Politik : Leises Murren über den Sündenfall - bei den Grünen hält sich die Empörung in Grenzen

Thomas Kröter

34 Zeilen zählt die gemeinsame Erklärung der beiden Fraktionsvorsitzenden der Grünen im Bundestag, Rezzo Schlauch und Kerstin Müller. Die brisanten Sätze stehen in den letzten beiden Zeilen: "Unbefriedigend ist aus grüner Sicht aber die Zusage einer Hermes-Absicherung über knapp 300 Mio. DM für Elektro- und Leittechnik für das Akw Lianyungang in China." Die Berliner "tageszeitung", immer noch das Szene-Blatt im grünen Milieu, fasste den Vorgang in ihrer Schlagzeile so: "Geld und Sicherheit für Akw weltweit: Rot-Grün bürgt für Atomexporte". Der Kommentar auf Seite 1 ist überschrieben: "Politischer Sündenfall". Der Tagesspiegel berichtet: "Die Bundesregierung will die Hermes-Bürgschaften für Atomprojekte in aller Welt deutlich reduzieren." Was ist passiert?

Seit dem vergangenen Dezember werden in der Bundesregierung Exportbürgschaften für umstrittene Projekte debattiert. Atomprojekte. Spektakulärste Fälle waren bislang die beiden ukrainischen Reaktoren Khmelnitzky-2 und Rovno-4 (K2/R4). Atomreaktoren als Ersatz für die Katasrophenreaktoren von Tschernobyl. Für Grüne ein rotes Tuch. Experten wussten längst, dass dies nicht die einzigen Projekte sind, die in der Parteibasis die Frage aufkommen lassen: Zu Hause steigen wir aus der Atomenergie aus - und dann wollen wir international den Einstieg finanzieren? Dem interministeriellen Ausschuss aus Wirtschafts-, Finanz- und Außenressort lagen 17 einschlägige Anträge für Atom und umweltpolitisch umstrittene Projekte vor, so die Auskunft des Auswärtigen Amtes gegenüber dem Tagesspiegel. Davon seien zehn abgelehnt, vier positiv entschieden, drei noch in der Schwebe. Zu den genehmigten zählt eben der Beitrag zu einem chinesischen Atomkraftwerk. "Nicht nachvollziehbar" findet Claudia Roth, Fraktionslinke und Menschenrechtspolitikerin die Entscheidung, "ein richtig grober Fehler". Die Umweltpolitikerin Michaele Hustedt räumt ein, dass die Grünen, stellten sie allein die Regierung, sicher anders entschieden hätten, deshalb ihr Urteil: "Das Glas ist halbvoll - und es ist halbleer."

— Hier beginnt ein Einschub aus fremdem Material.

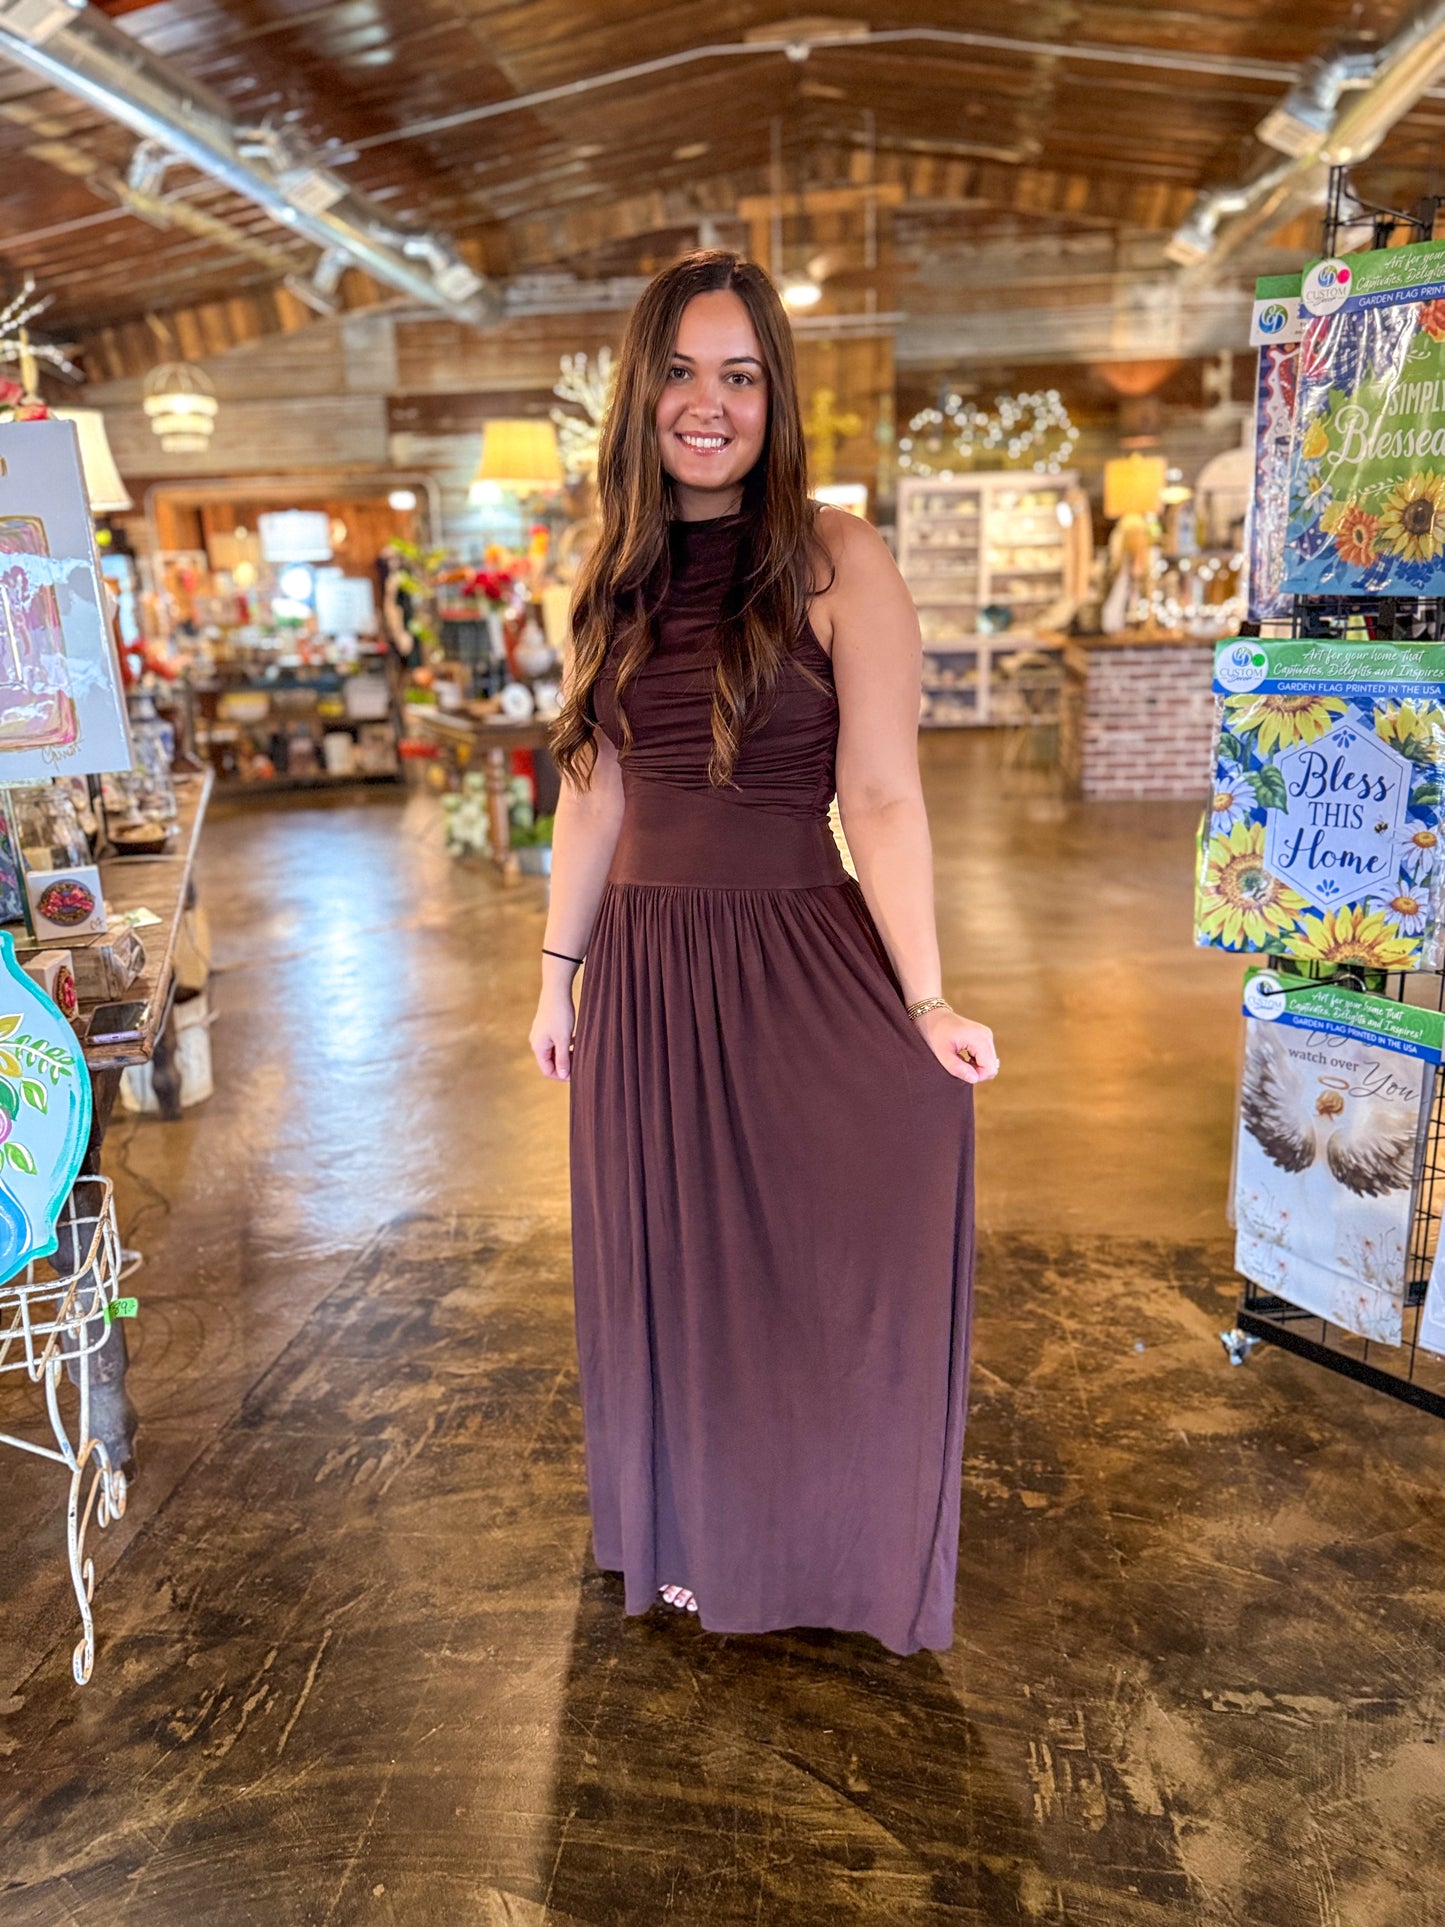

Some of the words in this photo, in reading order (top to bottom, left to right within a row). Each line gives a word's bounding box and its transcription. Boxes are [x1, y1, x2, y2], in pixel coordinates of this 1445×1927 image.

Kritik gibt es also in der Fraktion, aber die Empörung hält sich in Grenzen. Zu sehr sind die Abgeordneten auf die Probleme mit dem heimischen Atomausstieg fixiert. Außenminister Joschka Fischer bekam bei seiner Rechtfertigung des Kompromisses am Dienstagnachmittag von seinen Parteifreunden im Bundestag jedoch nicht nur Freundlichkeiten zu hören. Was die Substanz des Kompromisses angeht, verteidigte er allerdings die Entscheidung des Interministeriellen Ausschusses, samt dem Ja seines Hauses. Inoffiziell wird im Auswärtigen Amt allerdings eingeräumt, dass die zuständigen Beamten im Bereich des Staatssekretärs Günter Pleuger womöglich zu unpolitisch reagiert hätten. Der Zeitpunkt der Entscheidung sei extrem ungünstig vor dem Parteitag, auf dem die Grünen-Führung ohnehin ein großes Atomproblem hat.

Es ist nicht das erste Mal, das derartiges vorkommt. Auch bei der Vorbereitung der Entscheidung, einen Testpanzer an die Türkei zu liefern, war Kritik aufgekommen, dass die Warnleuchten bei Fischers Beamten zu spät geblinkt hätten. Böse Absichten beim Koalitionspartner mag man im aktuellen Fall allerdings nicht unterstellen. So versuchen die meisten Grünen, den Konflikt möglichst klein zu halten. Beim sozialdemokratischen Koalitionspartner ist außer dem leisen Murren einiger Umweltpolitiker ohnehin nichts zu hören. Wie das Urteil über den Kompromiss am Ende ausfällt, hängt noch von einer Frage ab: Schlauch und Müller zählen auf der Haben Seite ein Nein für die ukrainischen Reaktoren K 2/R 4. Im Auswärtigen Amt heisst es dazu jedoch, dieser Fall zähle zu den vom interministeriellen Ausschuss noch nicht entschiedenen. Dem Vernehmen nach soll aber Bundeskanzler Schröder Joschka Fischer die Ablehnung versprochen haben.